The friction coefficient and abrasion resistance of each of the above examples obtained by these measurements are shown in Table 1 as relative values.

[0046]

[Table 1]

[0047]

As described above, according to the present invention,
Without losing wear resistance, it is possible to effectively suppress a decrease in friction coefficient due to a change with time. Therefore, the rubber roller of the present invention is extremely effective as a component for repeatedly transporting paper or cloth, and is used as a media transport rubber roller for printers and copiers used in rotary presses and word processors, as well as for automatic cash depositing and depositing. It can be widely used as a rubber roller for transporting a medium of a machine such as a payment device (ATM) that requires particularly high reliability.

[Brief description of the drawings]

FIG. 1 is a diagram illustrating an apparatus used for measuring a coefficient of friction.

FIG. 2 is a diagram illustrating an apparatus used for measuring a weight loss amount.

[Explanation of symbols]

 DESCRIPTION OF SYMBOLS 1 ... Moving table 2 ... Paper 3 ... Rubber roller 4 ... Weight 6 ... Load cell 11 ... Test rubber roll 12 ... Feed roll 13 ... Conveying medium 15 ... Pressure setting balancer

Claims (8)

[Claims] 1. A rubber roller comprising a foamed blend rubber containing urethane rubber and silicone rubber as main components. 2. The urethane rubber is a prepolymer obtained from the polycondensation of a polyol and a diisocyanate, and is obtained from a urethane rubber prepolymer having an isocyanate group at a molecular terminal.
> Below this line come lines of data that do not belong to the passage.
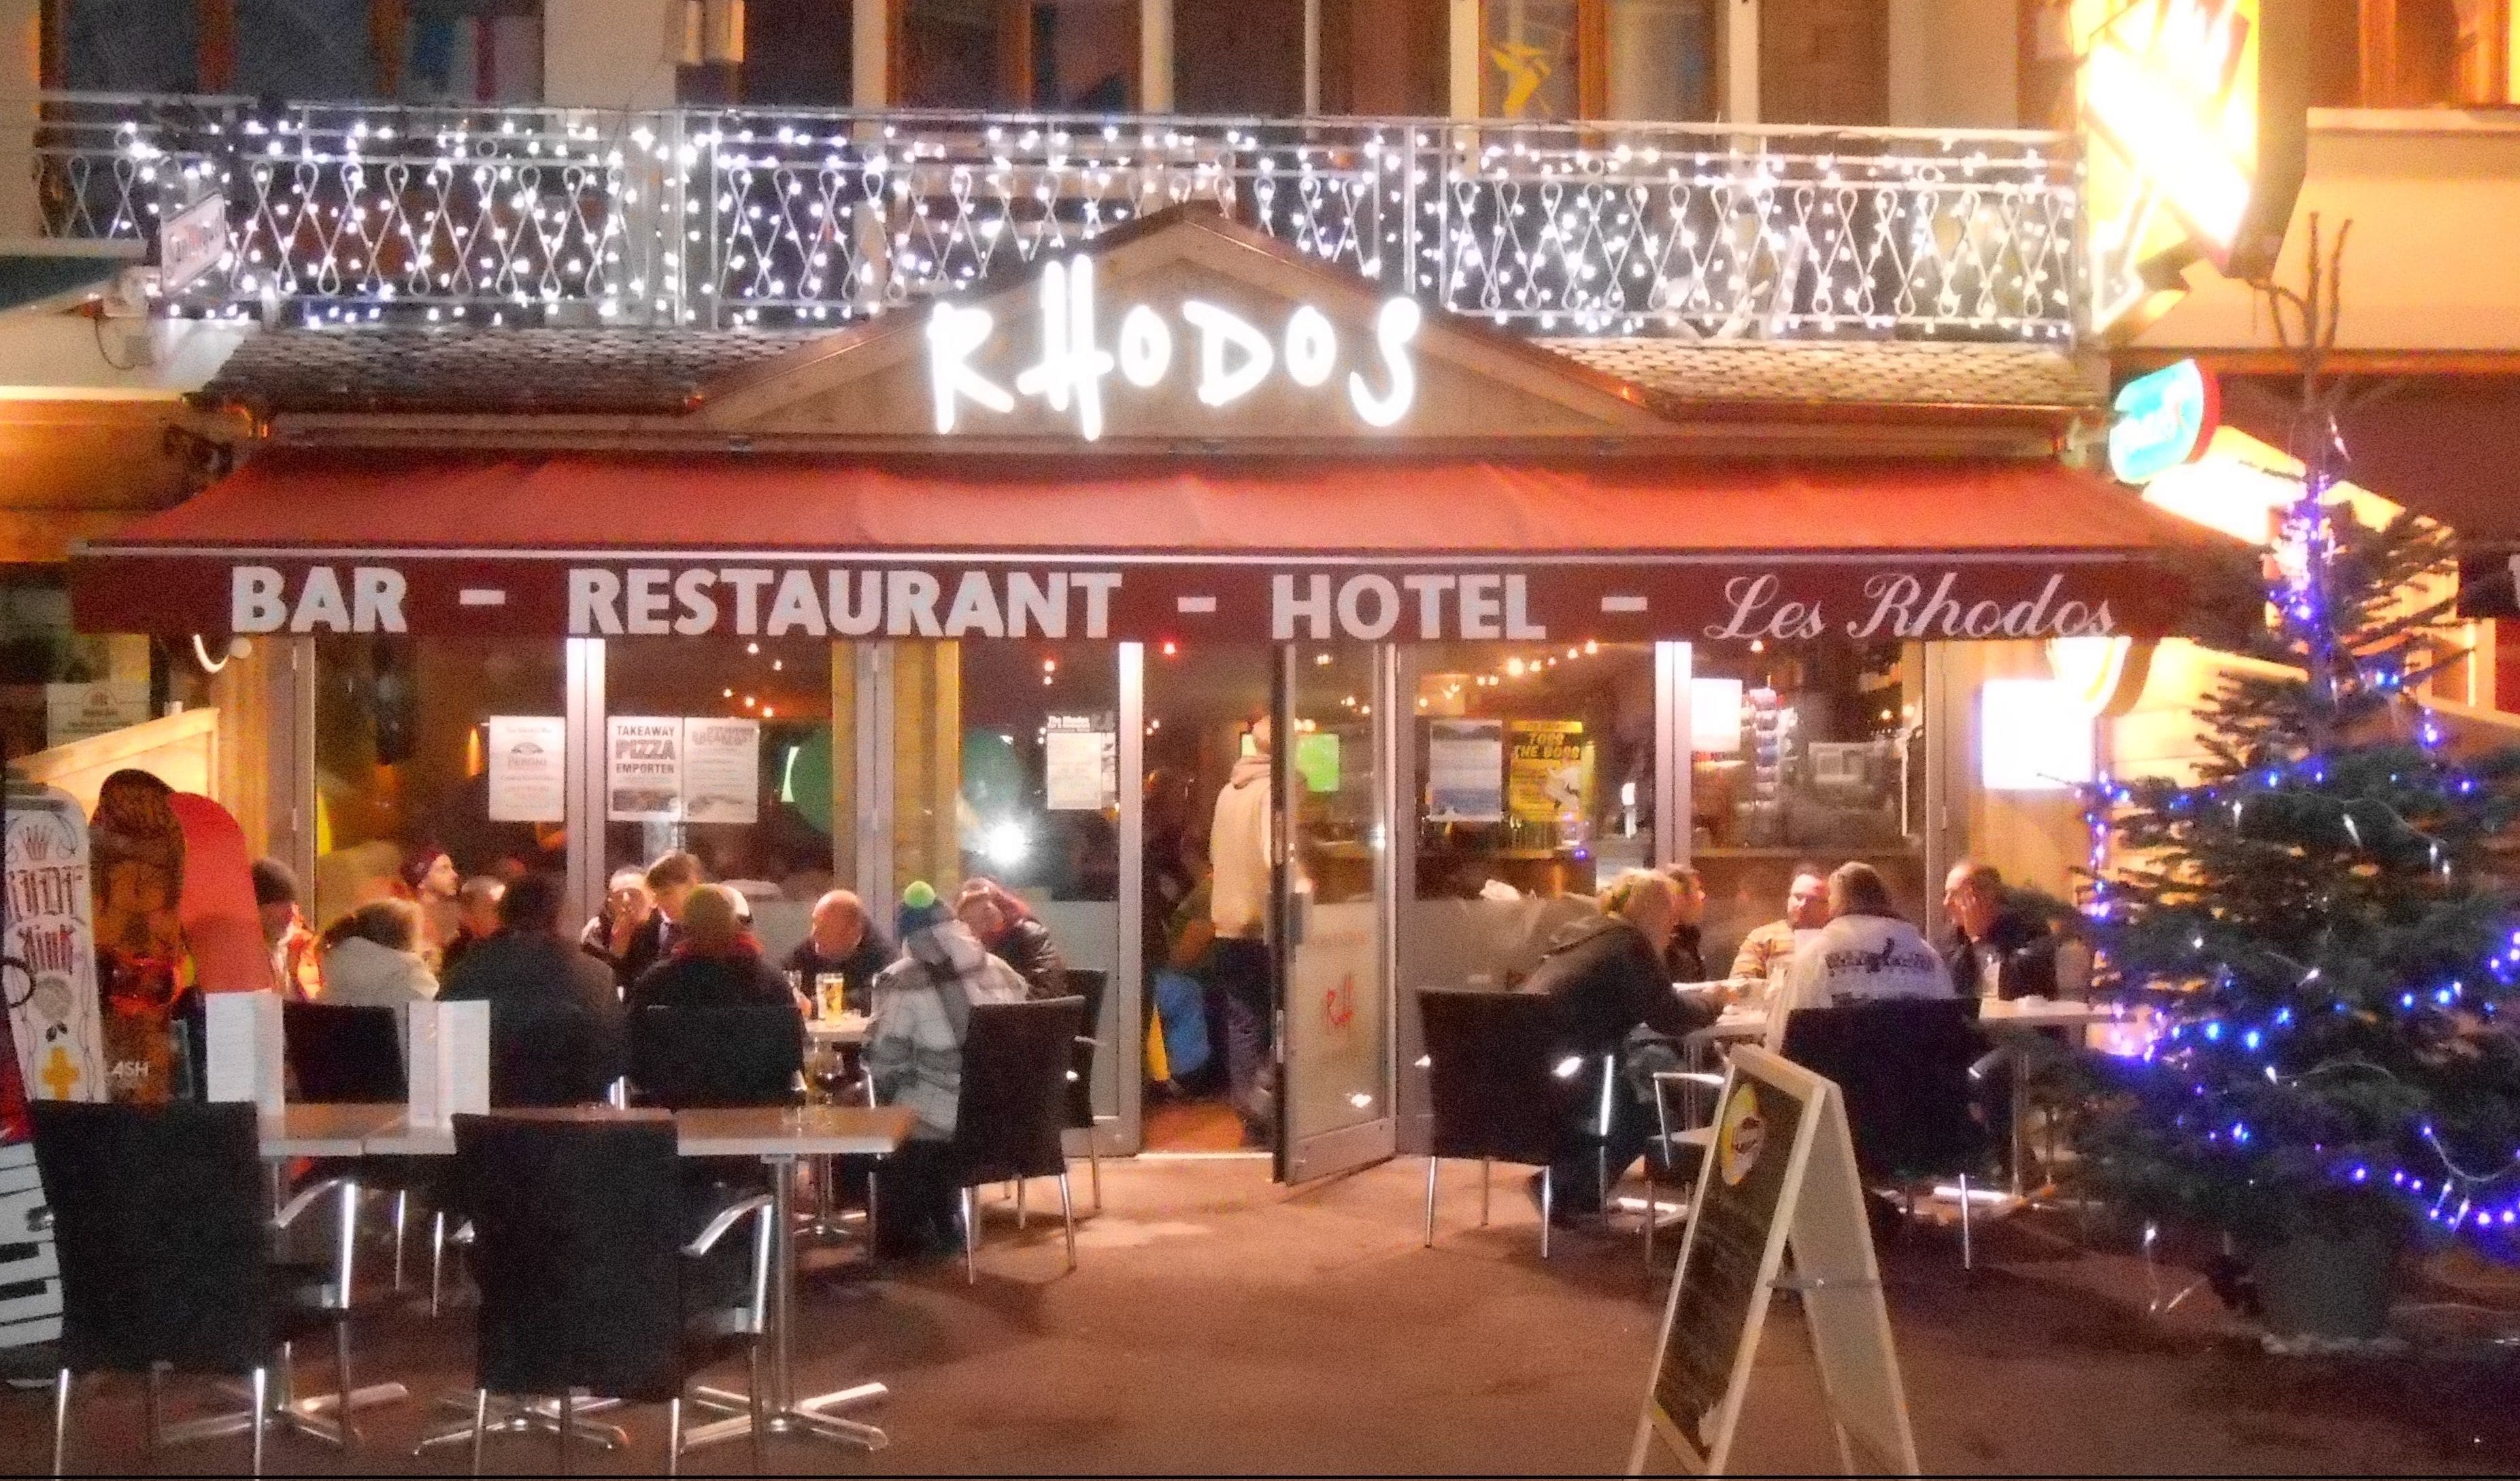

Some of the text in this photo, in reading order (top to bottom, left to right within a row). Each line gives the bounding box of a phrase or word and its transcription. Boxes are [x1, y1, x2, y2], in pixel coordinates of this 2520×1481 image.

[232, 566, 407, 633] BAR
[568, 568, 1123, 638] RESTAURANT
[1272, 574, 1547, 640] HOTEL
[1703, 573, 1826, 640] Les
[1846, 571, 2117, 639] Rhodos
[616, 725, 675, 737] TAKEAWAY
[615, 739, 676, 760] PIZZA
[616, 763, 675, 774] EMPORTER
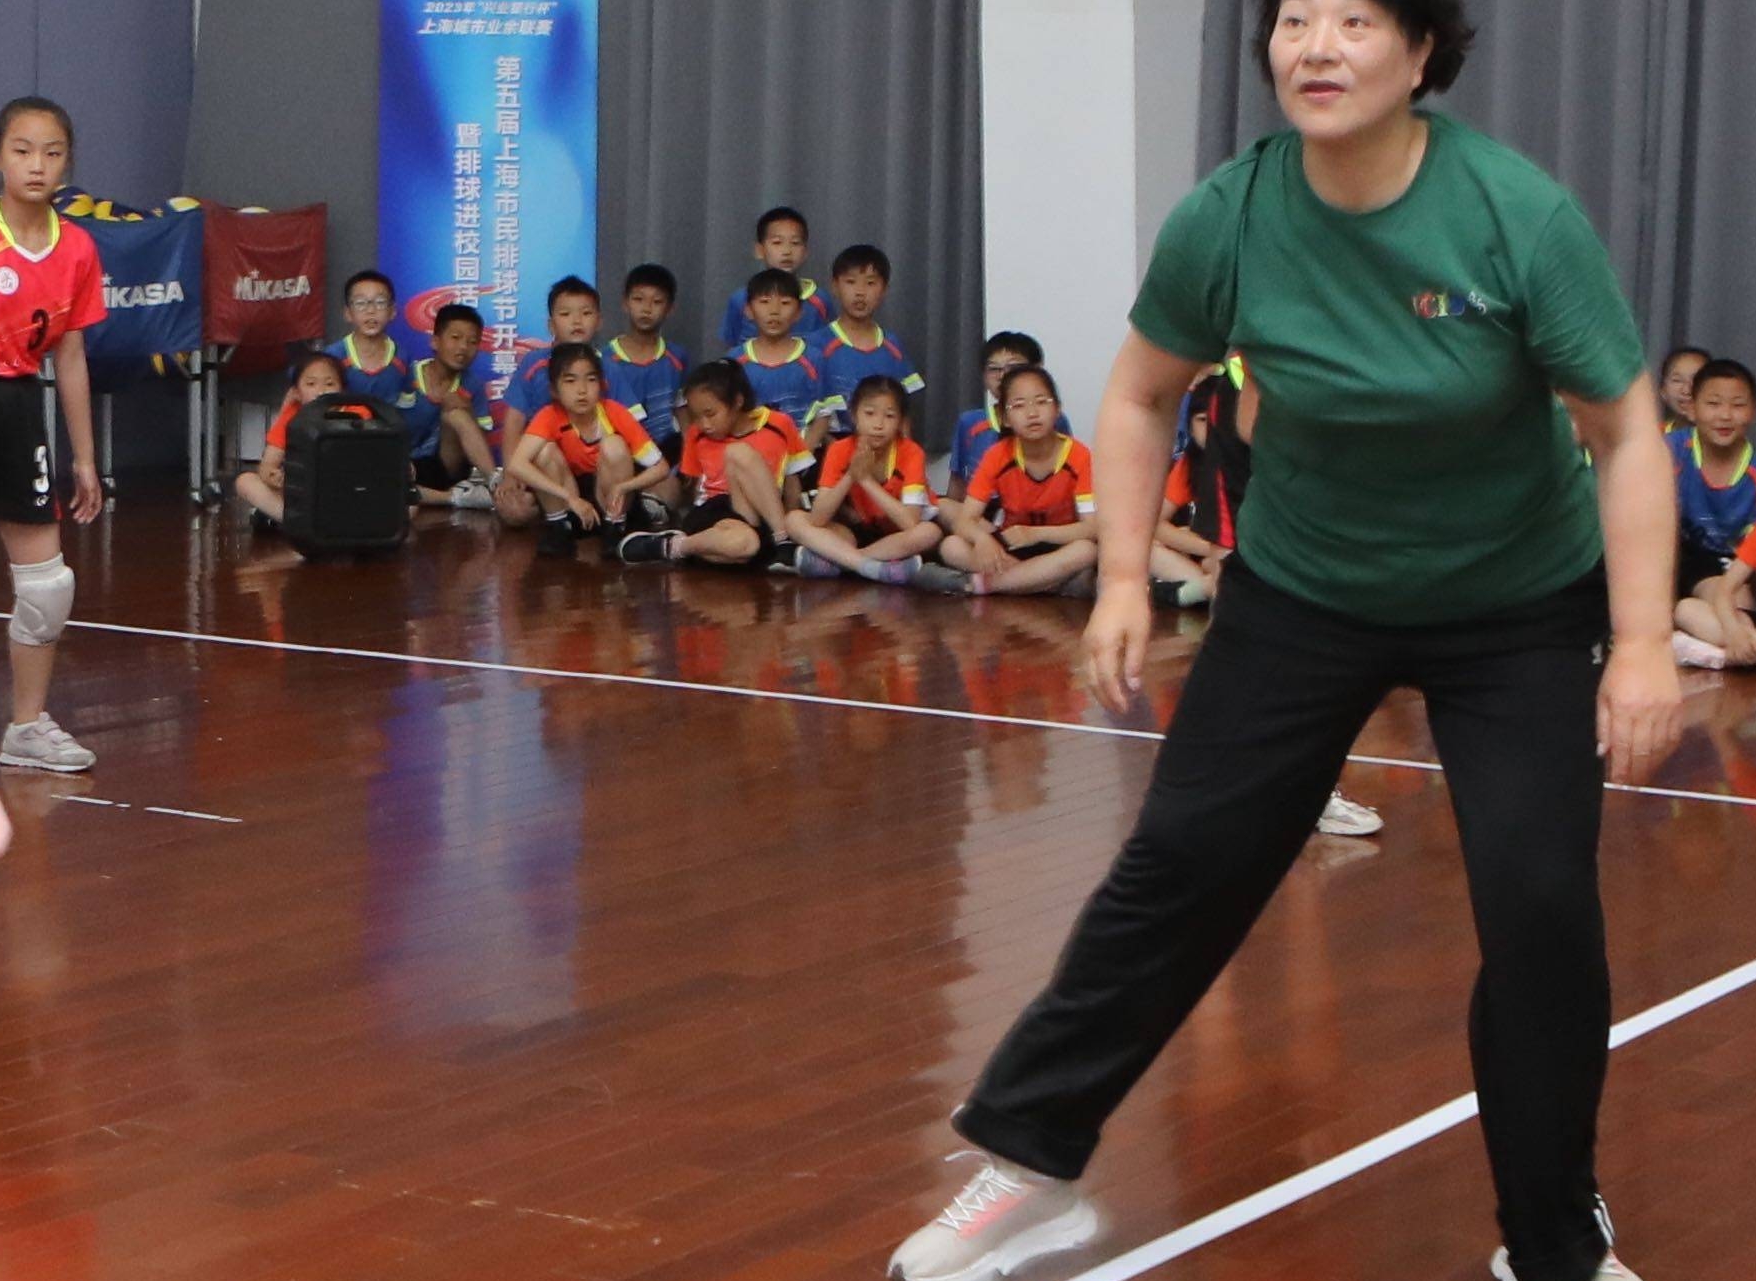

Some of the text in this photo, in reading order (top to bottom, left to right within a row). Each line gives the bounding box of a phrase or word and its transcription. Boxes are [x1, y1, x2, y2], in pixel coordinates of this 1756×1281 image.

[417, 18, 554, 36] 上海城市业余联赛
[102, 280, 185, 309] IKASA
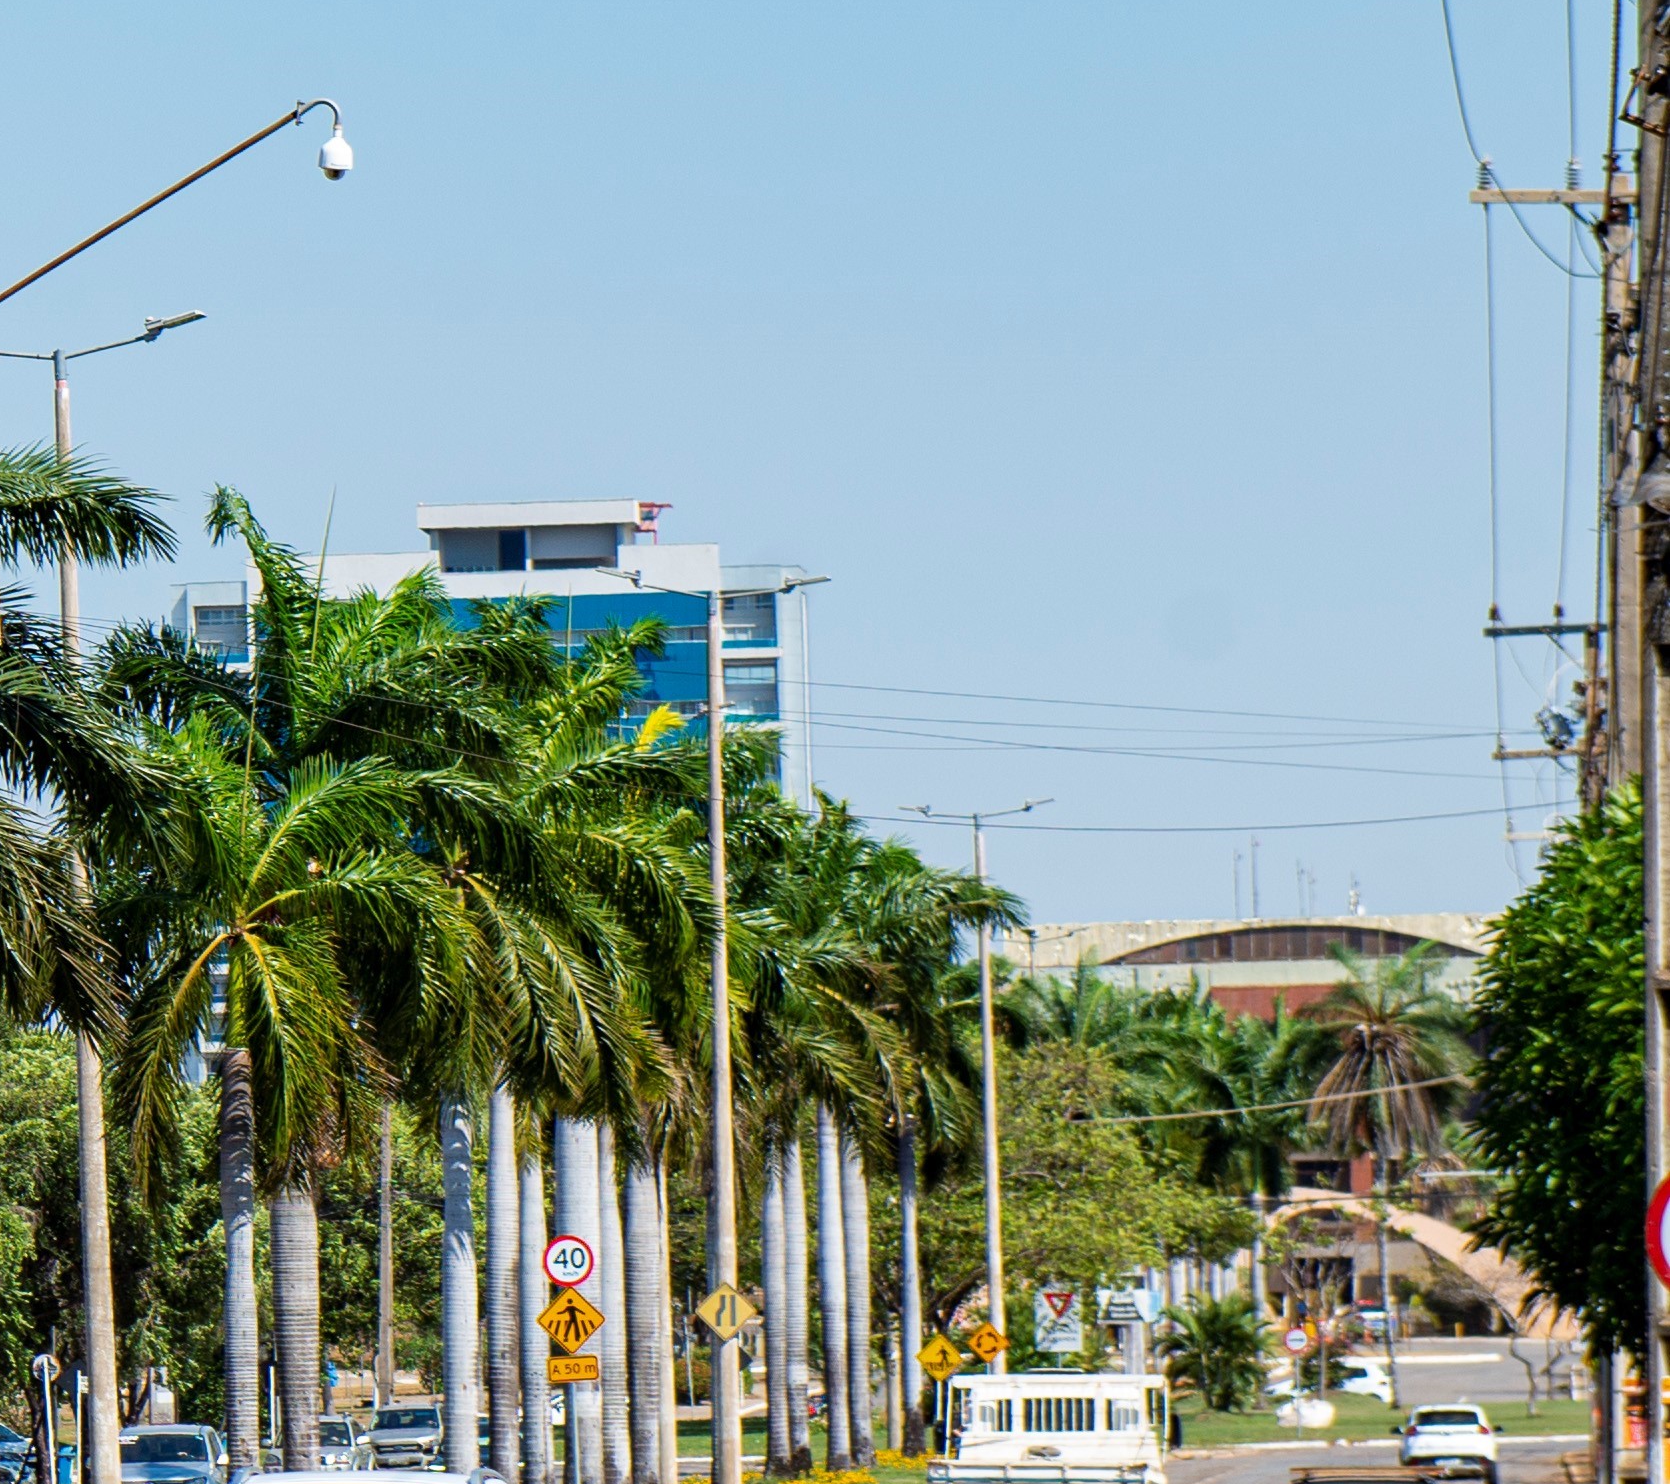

Rubber roller. 3. The urethane rubber prepolymer is obtained using an ether-based diol.
Rubber roller as described. 4. The urethane rubber prepolymer of 100
The viscosity at ℃ is 1500 poise or less.
Or the rubber roller according to 3. 5. The rubber roller according to claim 1, wherein the silicone rubber is obtained from a silicone rubber prepolymer having a viscosity at 100 ° C. of not more than 3000 poise. 6. The rubber roller according to claim 1, wherein the foamed blend rubber further includes at least one of an inorganic filler and a plasticizer. 7. The rubber roller according to claim 6, wherein the inorganic filler is silicon carbide having an average particle size of 50 μm or less. 8. The plasticizer is a silicone oil,
The rubber roller according to claim 6.